WHAT IS EXPECTED - Starting at the line that contains "Some of the text", output each line through the end of the data exactly, and nothing more.

Images for object localization

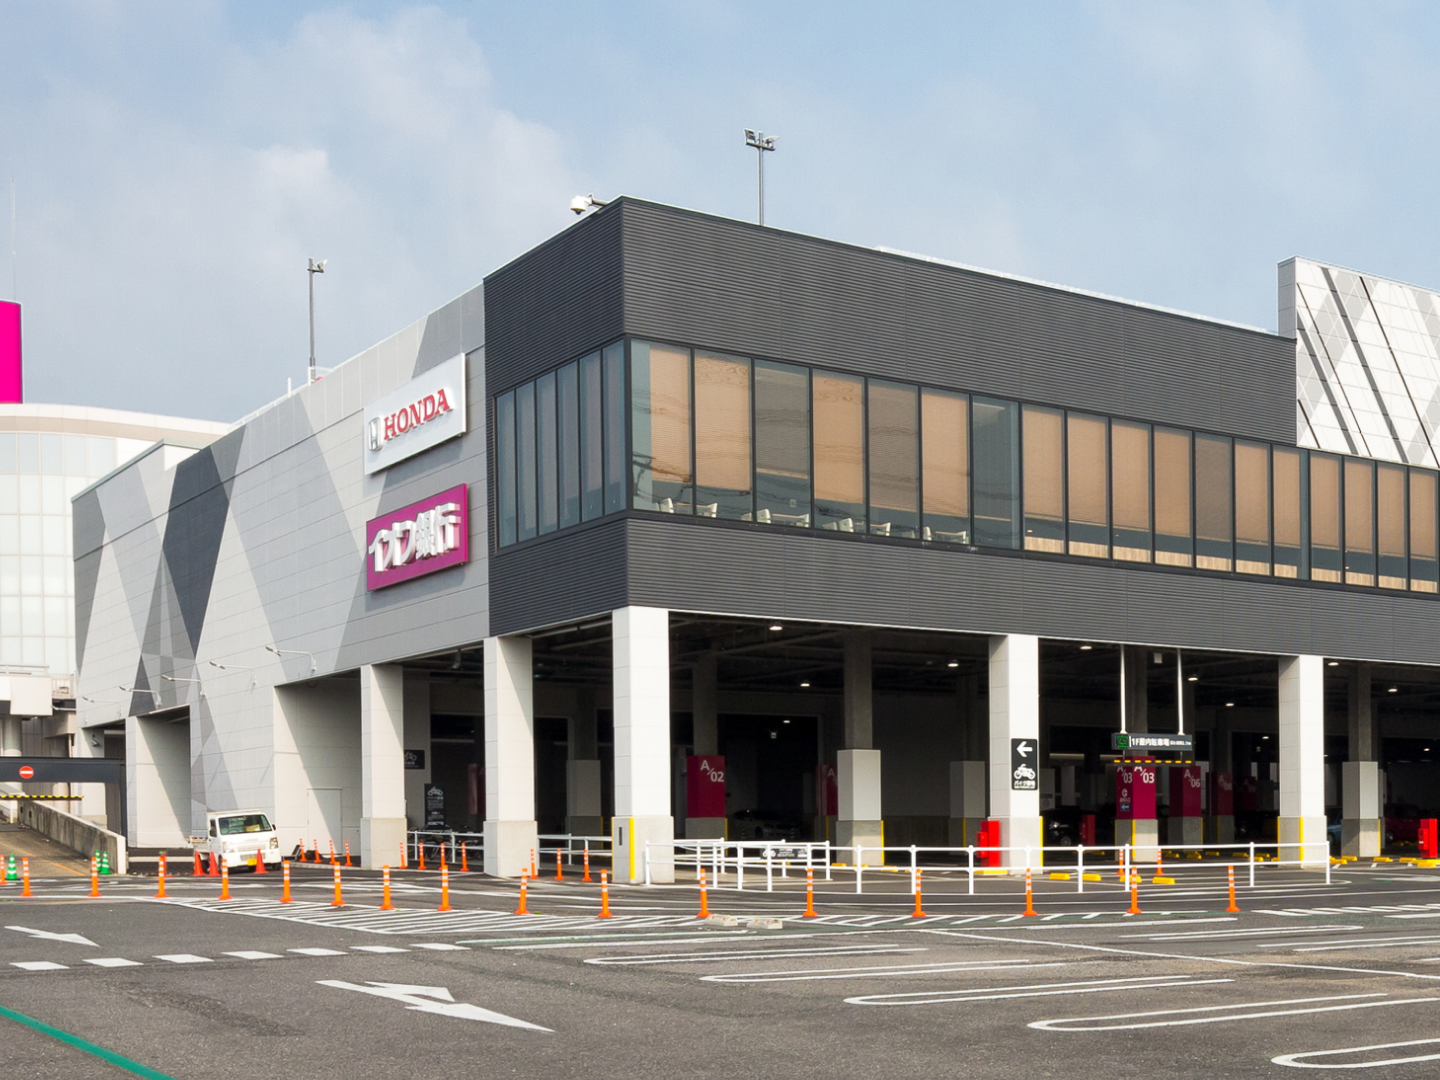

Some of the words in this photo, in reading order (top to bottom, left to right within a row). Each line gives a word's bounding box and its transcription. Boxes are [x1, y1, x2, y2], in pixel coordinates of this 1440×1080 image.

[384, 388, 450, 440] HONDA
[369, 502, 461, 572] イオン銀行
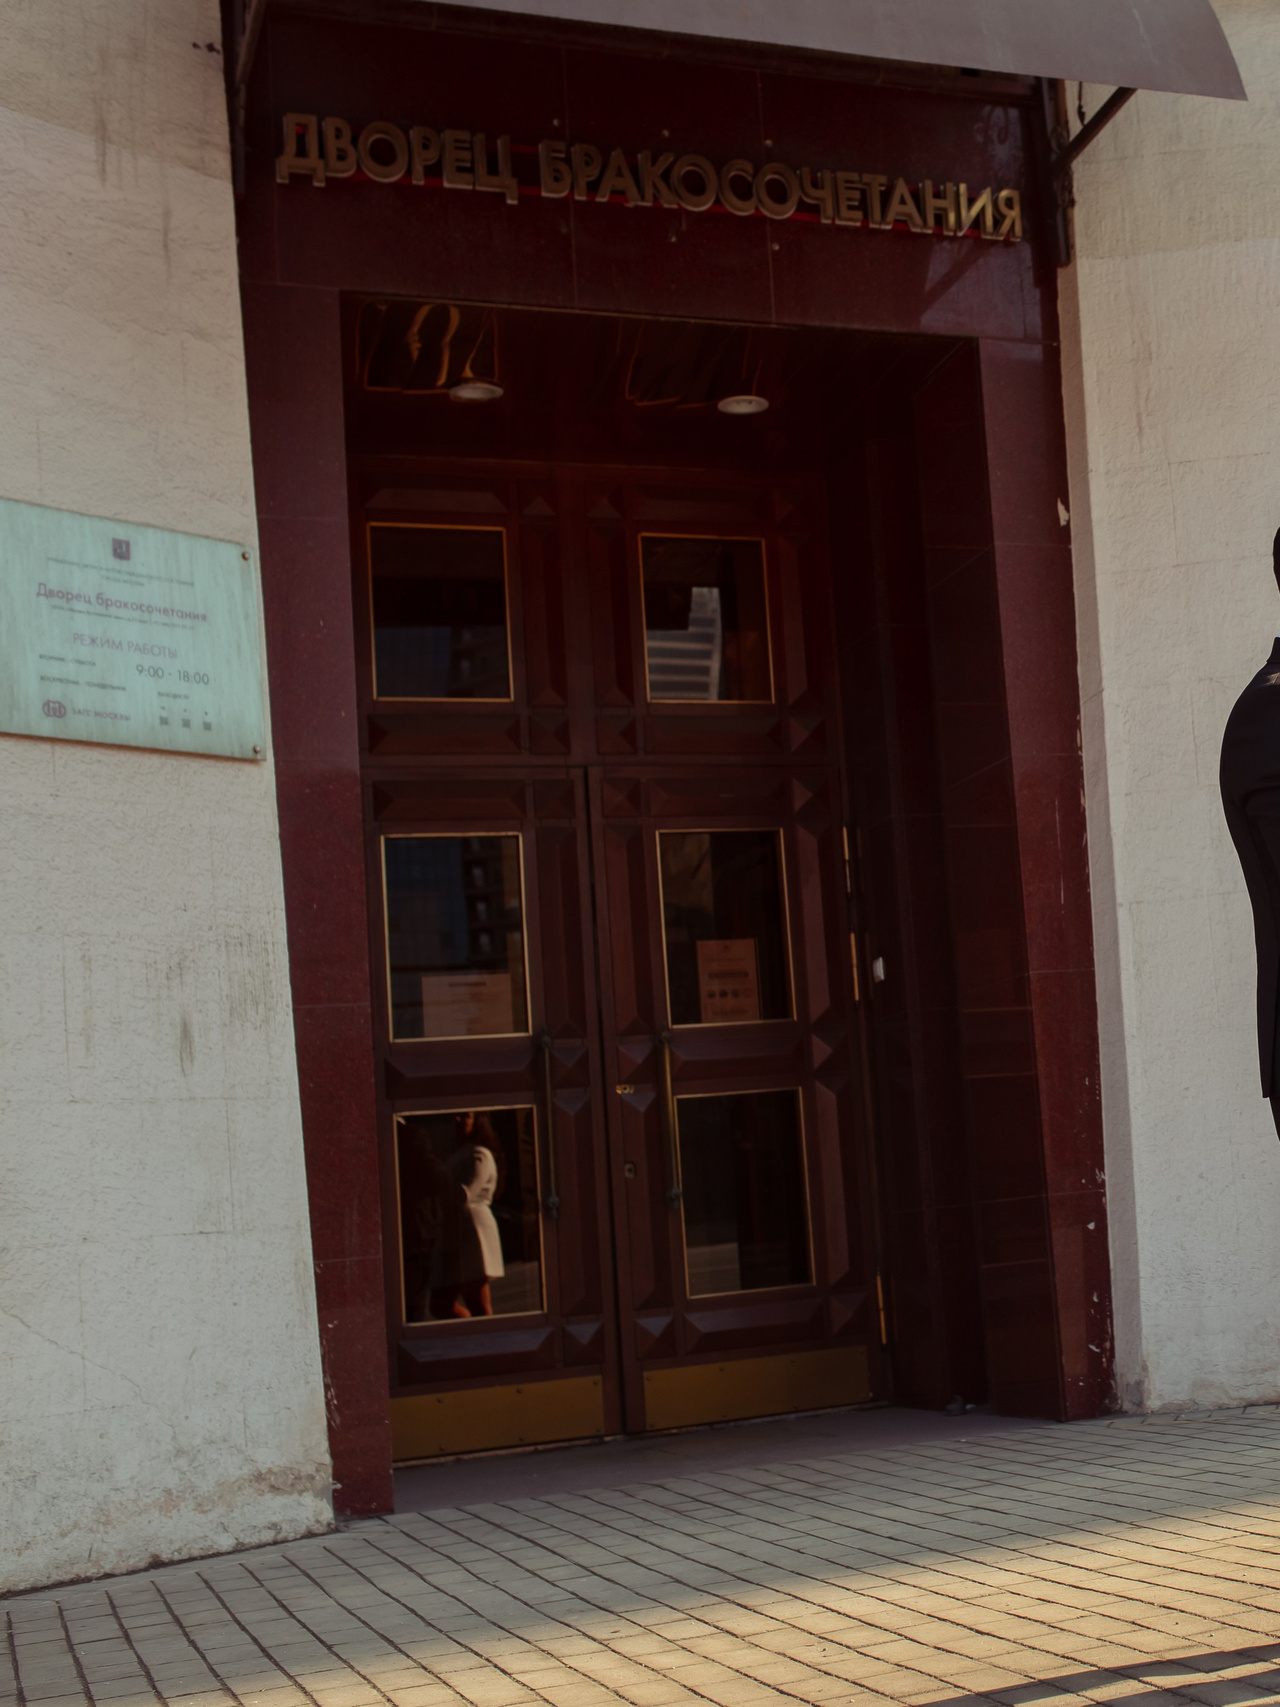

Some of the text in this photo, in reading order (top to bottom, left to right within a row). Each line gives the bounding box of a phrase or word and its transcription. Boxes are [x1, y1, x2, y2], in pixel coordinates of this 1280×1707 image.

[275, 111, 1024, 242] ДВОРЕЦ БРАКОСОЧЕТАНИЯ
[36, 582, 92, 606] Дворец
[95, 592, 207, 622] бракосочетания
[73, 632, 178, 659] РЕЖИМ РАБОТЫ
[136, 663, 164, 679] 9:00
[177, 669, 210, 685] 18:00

RESULT OF THE EXERCISE -
Some of the text in this photo, in reading order (top to bottom, left to right within a row). Each line gives the bounding box of a phrase or word and its transcription. Boxes are [x1, y1, x2, y2], in pixel coordinates of this 1280×1707 image.

[275, 111, 1024, 242] ДВОРЕЦ БРАКОСОЧЕТАНИЯ
[36, 582, 92, 606] Дворец
[95, 592, 207, 622] бракосочетания
[73, 632, 178, 659] РЕЖИМ РАБОТЫ
[136, 663, 164, 679] 9:00
[177, 669, 210, 685] 18:00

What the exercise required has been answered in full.